Representation Recovering for Self-Supervised Pre-training on Medical Images

Advances in self-supervised learning have drawn attention to developing techniques to extract effective visual representations from unlabeled images. Contrastive learning (CL) trains a model to extract consistent features by generating different views. Recent success of Masked Autoencoders (MAE) highlights the benefit of generative modeling in self-supervised learning. The generative approaches encode the input into a compact embedding and empower the model’s ability of recovering the original input. However, in our experiments, we found vanilla MAE mainly recovers coarse high level semantic information and is inadequate in recovering detailed low level information. We show that in dense downstream prediction tasks like multi-organ segmentation, directly applying MAE is not ideal. Here, we propose RepRec, a hybrid visual representation learning framework for self-supervised pre-training on large-scale unlabelled medical datasets, which takes advantage of both contrastive and generative modeling.

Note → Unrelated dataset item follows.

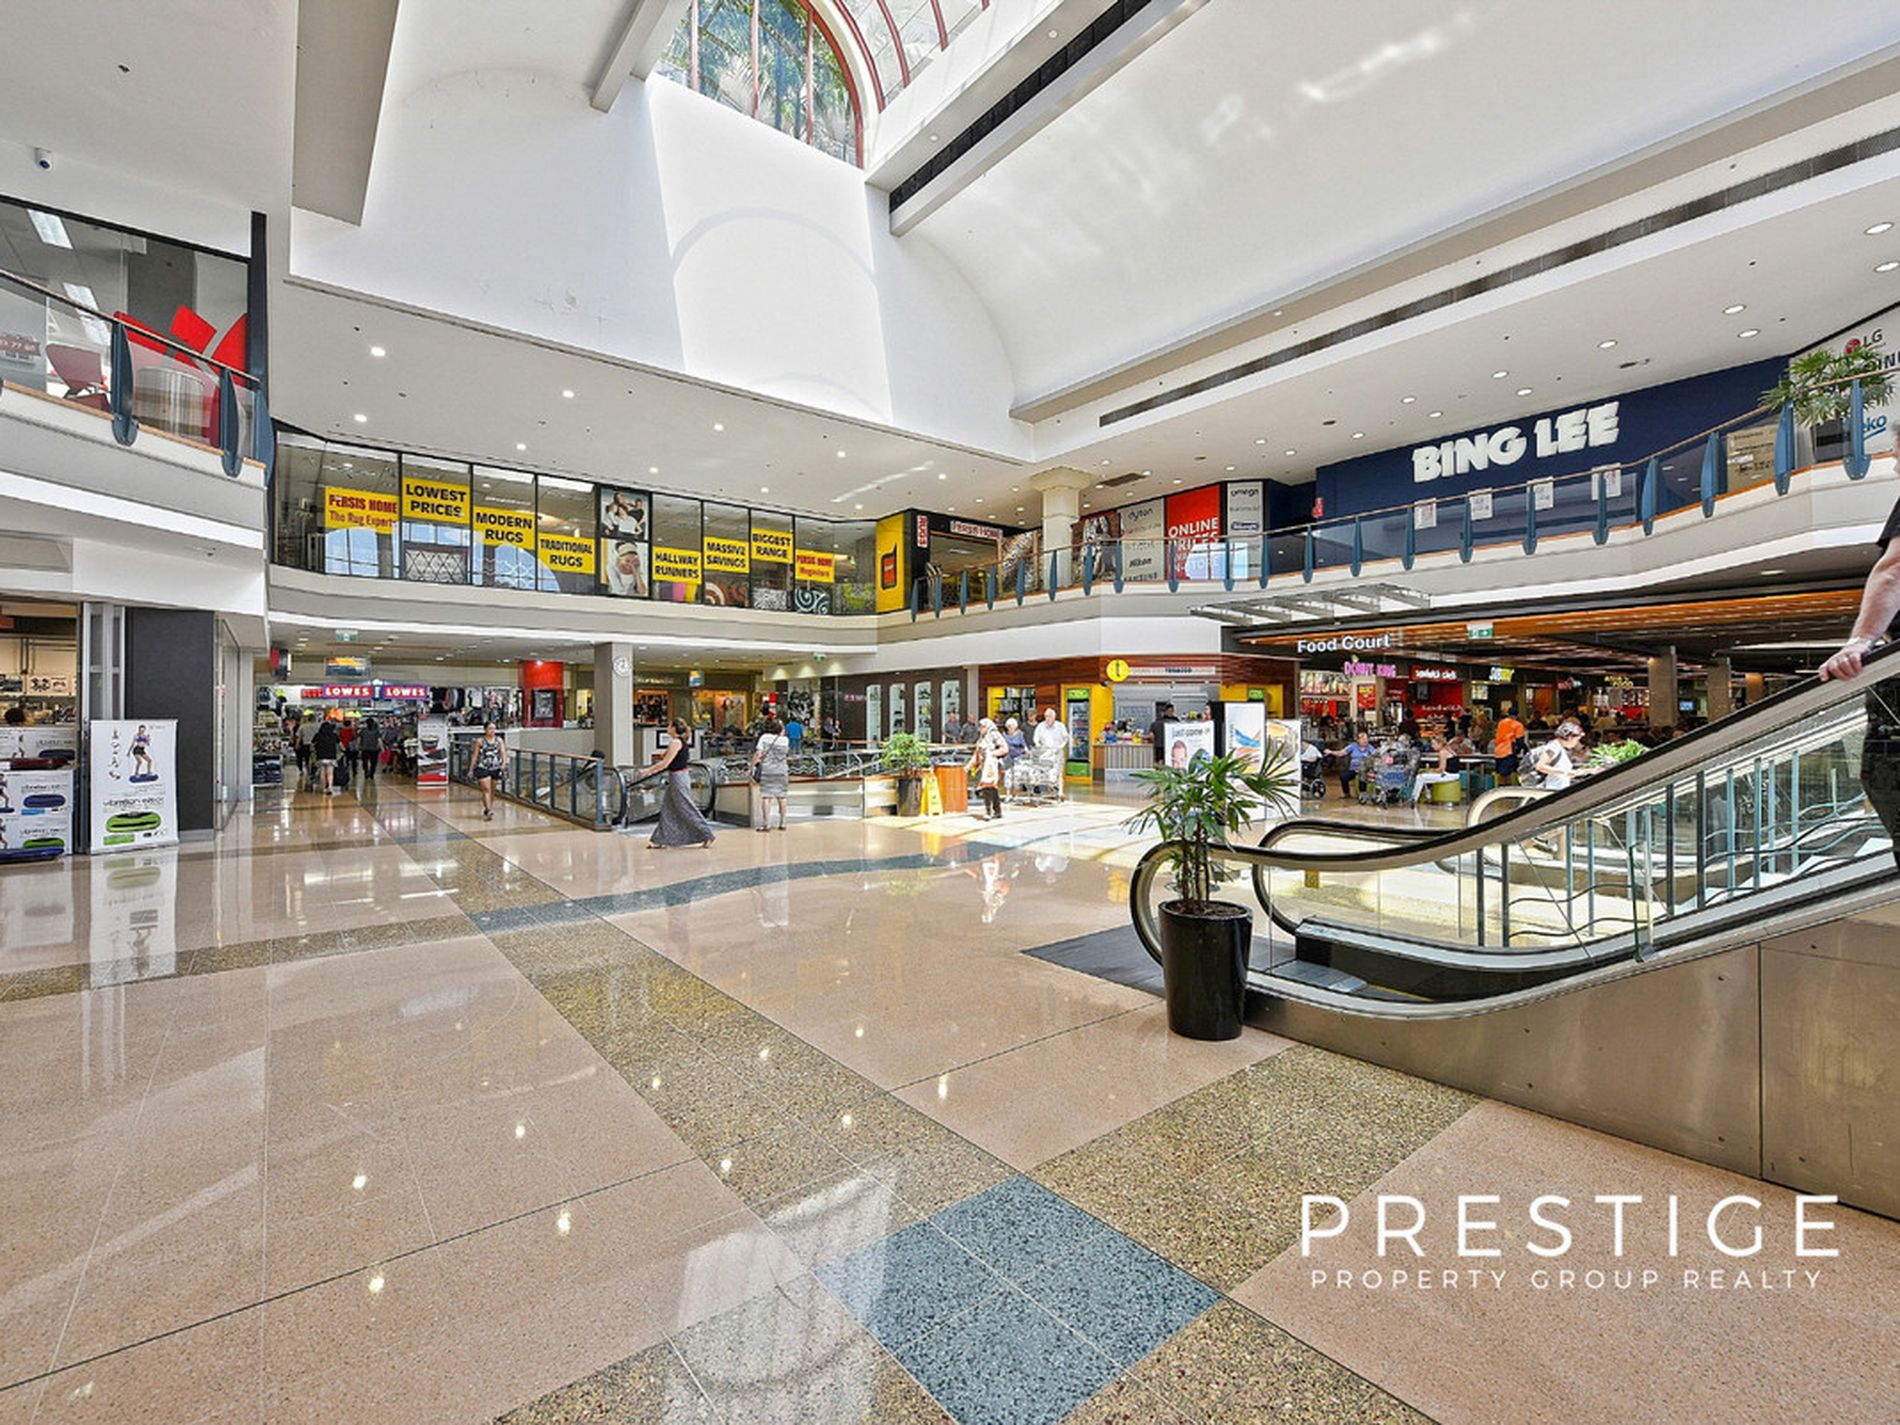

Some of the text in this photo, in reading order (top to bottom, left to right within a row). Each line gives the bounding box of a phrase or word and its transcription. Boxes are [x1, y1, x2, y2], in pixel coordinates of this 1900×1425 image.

To solve the aforementioned dilemma that MAE encounters, a convolutional encoder is pre-trained to provide low-level feature information, in a contrastive way; and a transformer encoder is pre-trained to produce high level semantic dependency, in a generative way – by recovering masked representations from the convolutional encoder. Extensive experiments on three multi-organ segmentation datasets demonstrate that our method outperforms current state-of-the-art methods.